On Tue, 20 Jul 1999 21:14:40 GMT, "Don Heyse"
<donnell_heyse@adc.spam.go.away.com> wrote:

Yeah, whoever decided to do the segmented memory thing should have been
shot.  What a horrible idea.  At least, it was enough to scare me off of
learning 80x86 assembler.

Wait a minute.  Feel free to correct me if I'm wrong, but the segmented
memory architecture allowed you to create absolutely *tiny* programs that
did wonderful things.  And you could fit tons of these programs on an
affordable *floppy* disk.

How did the segmented architecture enable the creation of tiny programs?

Yeah, but what does that have to do with LDraw not supporting modes with
more than 4-bit color?

Isn't 4 bit color the lowest common denominator between VGA and EGA?

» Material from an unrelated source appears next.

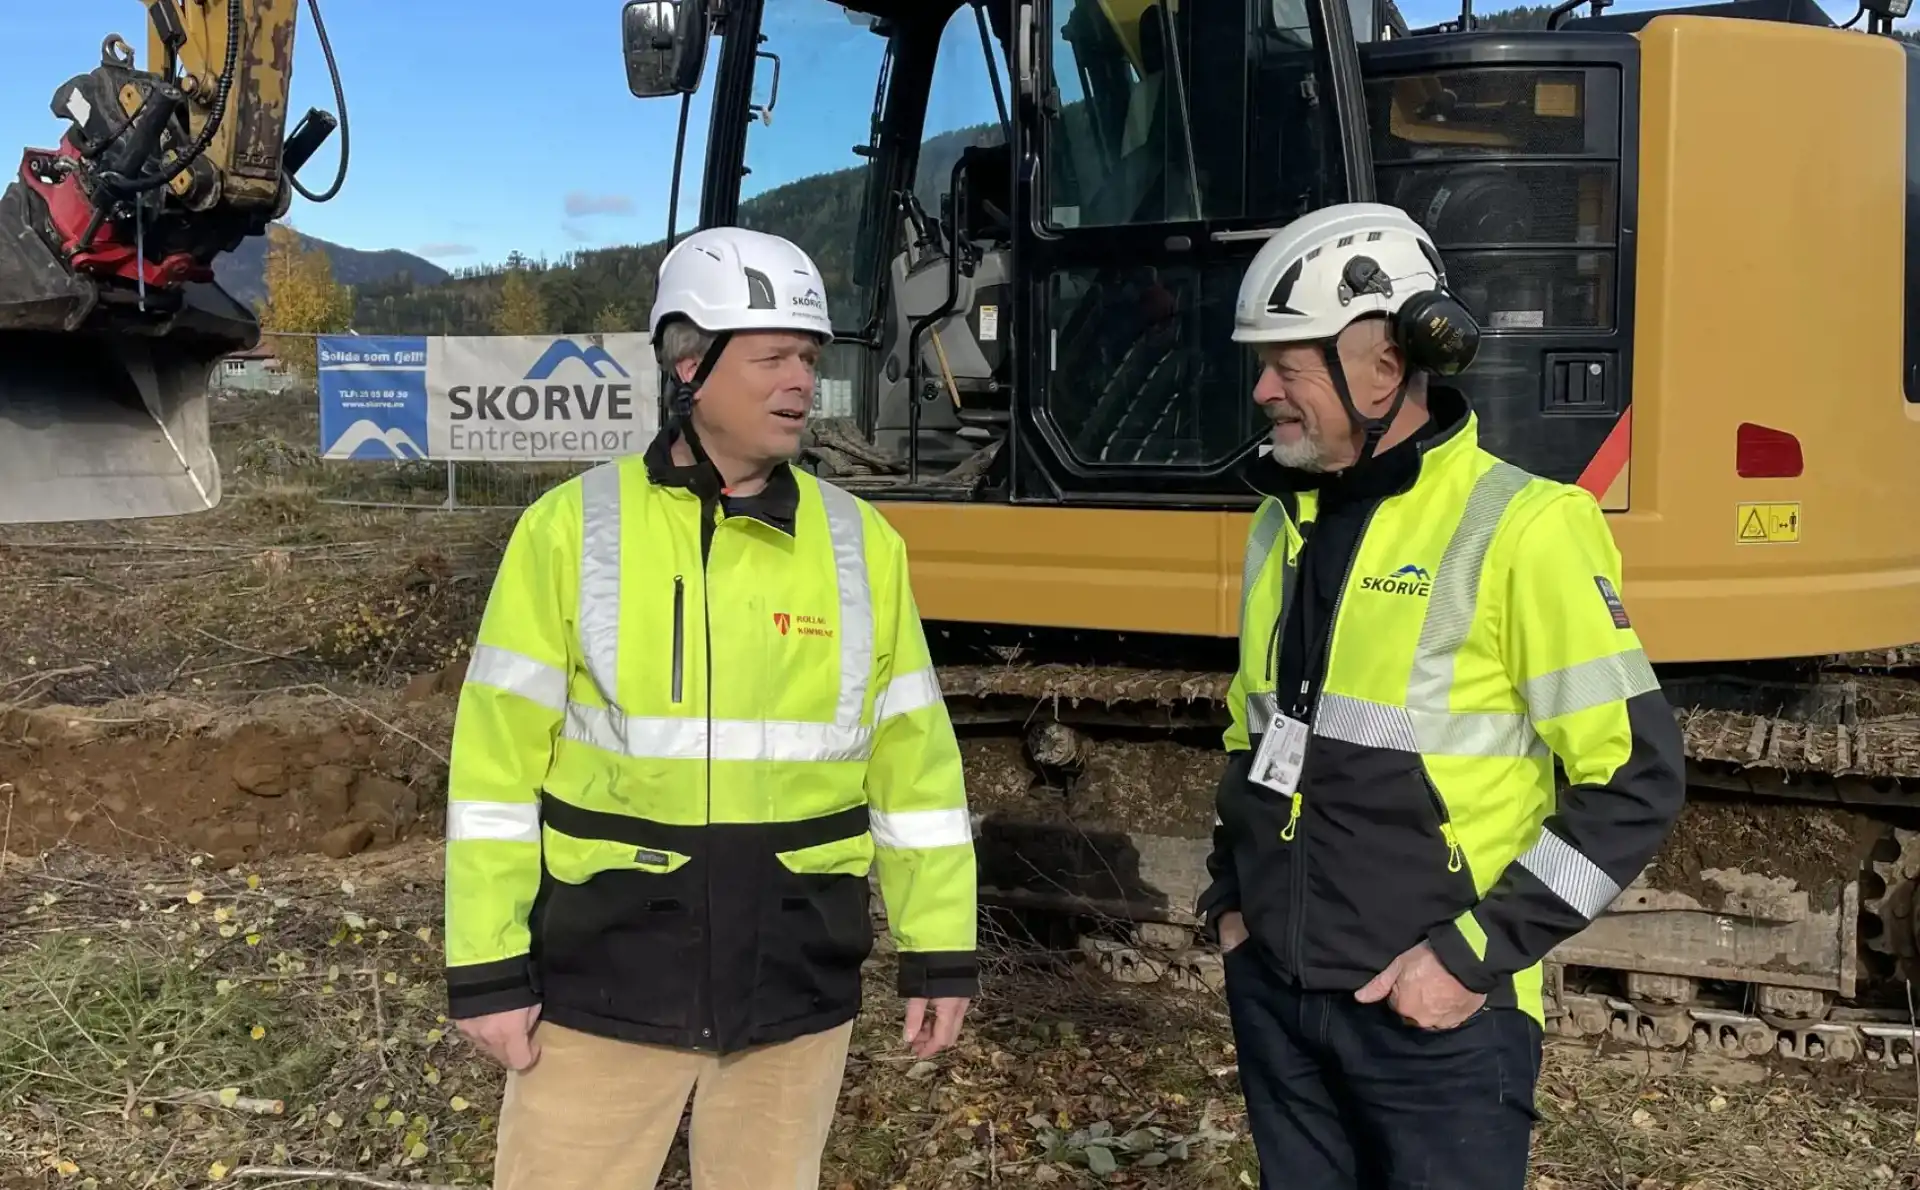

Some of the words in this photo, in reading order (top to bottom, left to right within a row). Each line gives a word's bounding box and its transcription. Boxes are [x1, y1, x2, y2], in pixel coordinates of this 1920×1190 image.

So?  This is SVGA, and most video cards seem to not offer 4-bit color modes
in resolutions above 800x600.  So LDraw will happily work in modes that
most video cards can't deal with, and LDraw won't do modes that video cards
will.

I *hope* it's linux.  If you can hide the "knowledge requirement" behind
an interface suitable for the masses, and keep the power for the others,
then I think it has a chance.

Unfortunately, many developers underestimate the need for the level of
encapsulation required.  But it would be cool to have a truly powerful
engine driving a beautiful GUI, and I only have to turn the key to make it
go.

By the way, is anybody actively building or porting any L-CAD utilities
to linux these days?  I've seen hints, but that's all.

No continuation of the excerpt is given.